19. Looking at the pleadings, and evidence tendered, all the parties were in agreement there was meeting of minds on the sale and the consideration. What the parties disagree is who breached the terms and conditions of the aforesaid agreements and if so the resultant implications.
20. Clause 2 of the said agreements states the possession of the said land measuring 1. 4 of an acre will be given to the purchaser upon the official transfer while clause 6 states the vendor further undertakes to give the purchaser exclusive use and possession of the said land without any interference whatsoever from his side or by anybody else claiming under his name.
21. Even though clauses 3 and 4 thereof require the vendor and the purchaser to pay , subdivision and transfer fees, no timelines were indicated on when to do so though the final balance was to be given on 14th April, 2005 for the 1st agreement and 12. 7.2005 for the 2nd agreement.

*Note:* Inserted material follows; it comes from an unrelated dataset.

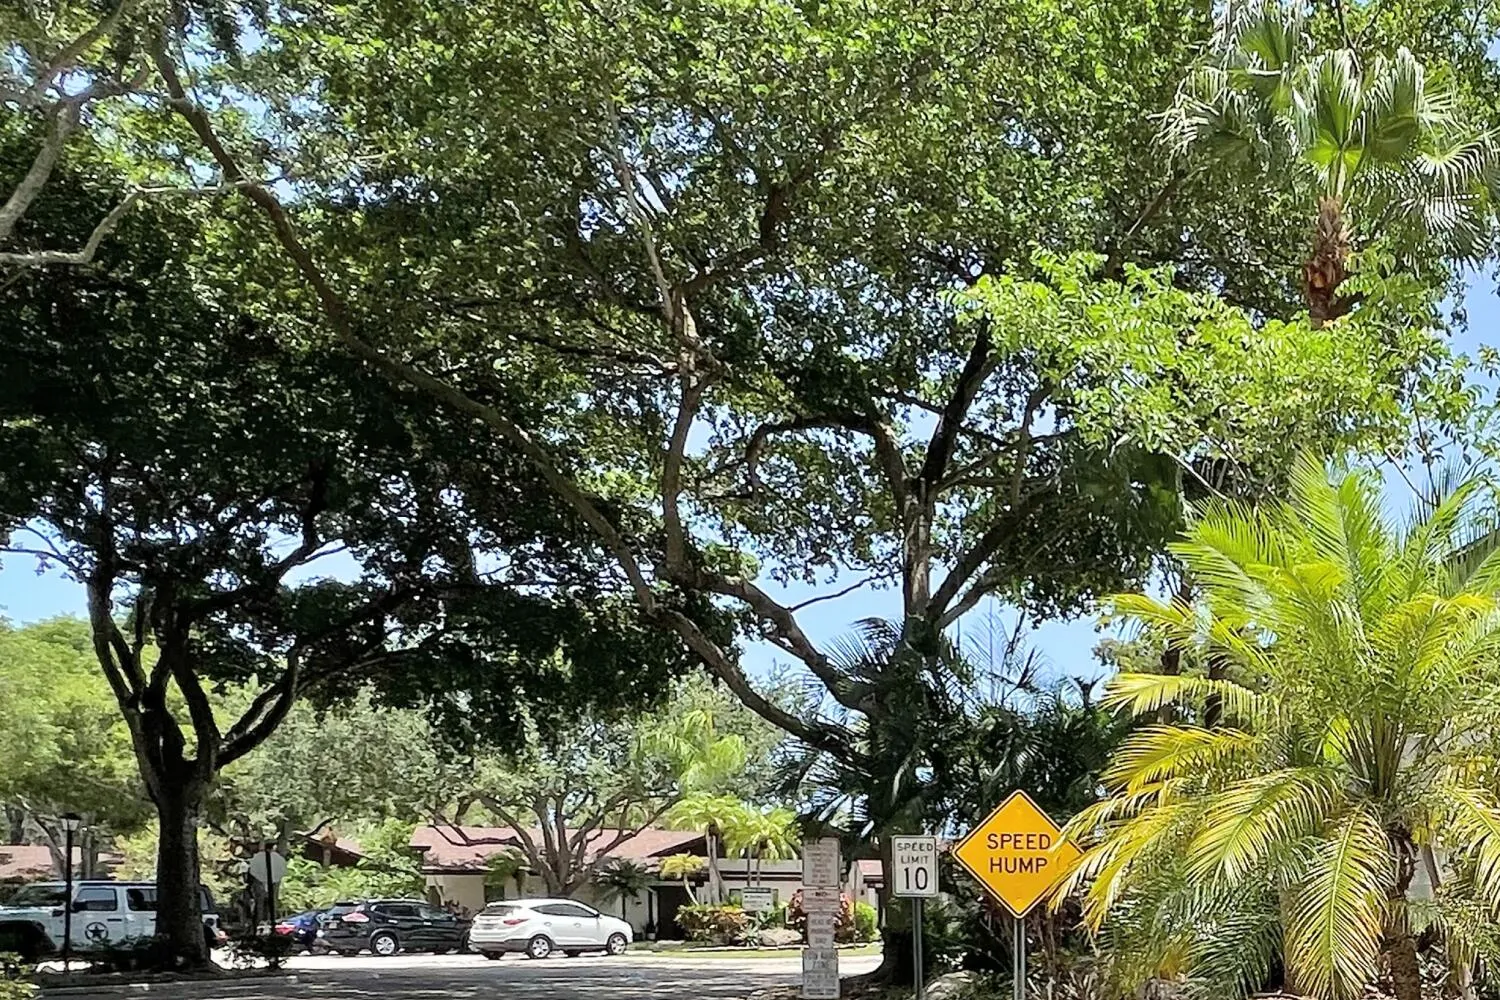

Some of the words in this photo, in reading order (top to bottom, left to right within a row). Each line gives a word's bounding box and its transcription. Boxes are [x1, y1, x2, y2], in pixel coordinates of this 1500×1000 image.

22. In essence therefore, the agreements were vague, uncertain and contradictory in nature yet none of the parties to this suit was able to throw any light as to what exactly they meant and agreed to be the timelines at the time the agreements were made.
23. The agreements were made before M/s Kiogora Arithi & Associates. Noteworthy, it was the same law firm which wrote D exh 4 also produced as P exh 3 claiming the agreements had been frustrated. It is also the same law firm which has been acting for the plaintiff/respondent yet they were a key witness to this agreements. If the said law firm had been called as a witness perhaps they would have shed light as to the intention of the parties at the time they made the two agreements.
24. Essentially however, the parties through acquiescence allowed the agreements to be varied to the extent that as at the time the 2nd agreement was drawn, the appellant had already taken vacant possession though the transfer for the 1st agreement had not been effected. Similarly P Exh 3 was made on 29th July 2013which is over eight years after the deadline of July 2007.
25. Each of the parties is accusing the other of breaching the agreements, yet it is apparent, there was no clarity on the timelines at the time the agreements were signed and monies paid.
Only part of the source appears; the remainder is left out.